Proof that \(\zeta(2)=\frac{{\pi}^{2}}{6}\)

Well here's another proof that \(\displaystyle \sum _{ n=1 }^{ \infty }{ \frac { 1 }{ { n }^{ 2 } } }= \frac{{\pi}^{2}}{6}\)

We will start from the integral \(\displaystyle I=\int _{ 0 }^{ \pi /2 }{ ln(cos(x))dx } \)

now \(cos(x)=\dfrac{e^{ix}+e^{-ix}}{2}\)

\(\Rightarrow I=\displaystyle \int _{ 0 }^{ \pi /2 }{ ln(\frac { { e }^{ ix }+{ e }^{ -ix } }{ 2 } )dx } \)

\( I = \displaystyle \int _{ 0 }^{ \pi /2 }{ ln(1+{ e }^{ 2ix })dx } - \int _{ 0 }^{ \pi /2 }{ (ln(2)+ix)dx } \)

Considering taylor expansion of \(ln(1+x)\) we have :

\(\displaystyle I = \int _{ 0 }^{ \pi /2 }{ \sum _{ r=1 }^{ \infty }{ \frac { { (-1) }^{ r-1 } }{ r } { e }^{ 2irx } } dx } -(\dfrac{\pi ln(2)}{2}+\frac{{\pi}^{2}i}{8})\)

Changing the order of integration and summation we have :

\(\displaystyle I = \sum _{ r=1 }^{ \infty }{ \frac { { (-1) }^{ r-1 } }{ r } \int _{ 0 }^{ \pi /2 }{ { e }^{ 2irx }dx } } -(\dfrac{\pi ln(2)}{2}+\frac{{\pi}^{2}i}{8})\)

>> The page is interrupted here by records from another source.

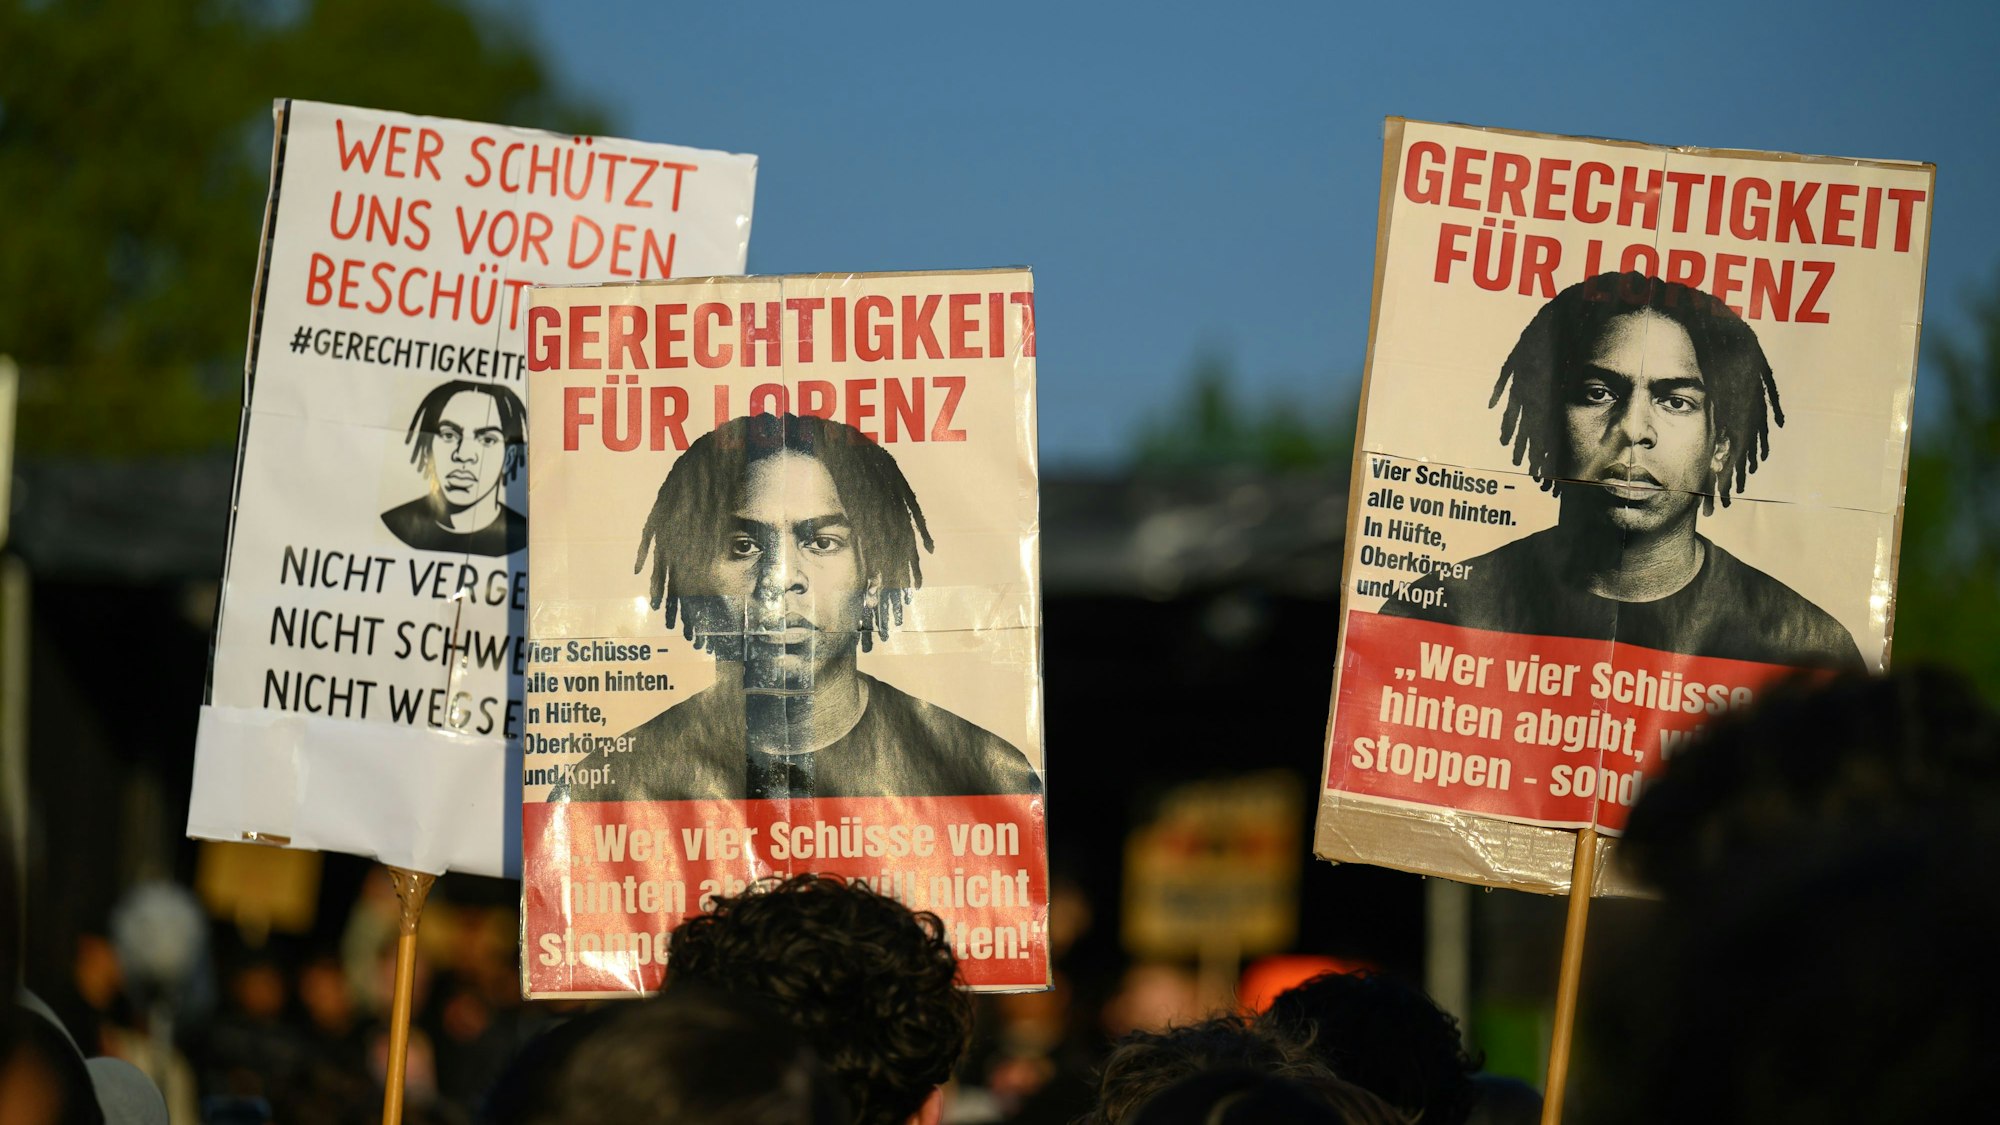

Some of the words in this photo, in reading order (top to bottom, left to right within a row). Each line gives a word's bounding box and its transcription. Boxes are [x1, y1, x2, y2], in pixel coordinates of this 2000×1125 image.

[336, 119, 444, 181] WER
[465, 136, 698, 212] SCHÜTZT
[1403, 140, 1925, 253] GERECHTIGKEIT
[330, 191, 432, 251] UNS
[456, 205, 554, 265] VOR
[567, 215, 676, 279] DEN
[306, 253, 535, 331] BESCHÜT
[1433, 217, 1562, 300] FÜR
[1584, 239, 1836, 324] LORENZ
[528, 292, 1037, 371] GERECHTIGKEIT
[563, 374, 689, 451] FÜR
[714, 376, 967, 447] LORENZ
[1372, 458, 1411, 481] Vier
[1415, 465, 1498, 495] Schüsse
[1364, 516, 1382, 537] In
[1387, 519, 1447, 551] Hüfte,
[1367, 488, 1404, 510] alle
[1410, 496, 1444, 517] von
[1449, 499, 1516, 526] hinten.
[281, 545, 395, 593] NICHT
[409, 559, 526, 610] VERGE
[1360, 545, 1473, 581] Oberkörper
[1356, 579, 1394, 598] und
[1398, 581, 1448, 609] Kopf.
[270, 606, 384, 655] NICHT
[566, 641, 651, 662] Schüsse
[263, 668, 377, 719] NICHT
[389, 685, 522, 739] WEGSE
[564, 676, 599, 692] von
[605, 671, 674, 692] hinten.
[1394, 641, 1494, 688] „Wer
[1506, 655, 1581, 696] vier
[1590, 661, 1754, 717] Schüsse
[546, 702, 607, 726] Hüfte,
[1379, 685, 1503, 740] hinten
[1514, 708, 1644, 763] abgibt,
[564, 764, 615, 789] Kopf.
[1351, 735, 1512, 790] stoppen
[571, 824, 669, 867] „Wer
[681, 820, 758, 861] vier
[770, 816, 936, 861] Schüsse
[948, 821, 1019, 857] von
[560, 874, 686, 914] hinten
[930, 868, 1031, 909] nicht

Integrating and putting limits we get :

\(\displaystyle I= \sum _{ r=1 }^{ \infty }{ \frac { { (-1) }^{ r-1 } }{ 2i{ r }^{ 2 } } ( } { e }^{ \pi ir }-1) - (\dfrac{\pi ln(2)}{2}+\frac{{\pi}^{2}i}{8}) \)

Now \({e}^{\pi ir} = {(-1)}^{r} \)

Hence \(\displaystyle I = (\sum _{ r=1 }^{ \infty }{ \frac { 1-{ (-1) }^{ r } }{ 2{ r }^{ 2 } } } )i - (\dfrac{\pi ln(2)}{2}+\frac{{\pi}^{2}i}{8})\)

We will be calculating the value of our summation.

\(S=(1+\dfrac { 1 }{ { 3 }^{ 2 } } +\dfrac { 1 }{ { 5 }^{ 2 } } +......)\)

\(S=(1+\dfrac { 1 }{ { 2 }^{ 2 } } +\dfrac { 1 }{ { 3 }^{ 2 } } +\dfrac { 1 }{ { 4 }^{ 2 } } +......)-(\dfrac { 1 }{ { 2 }^{ 2 } } +\dfrac { 1 }{ { 4 }^{ 2 } } +....)\)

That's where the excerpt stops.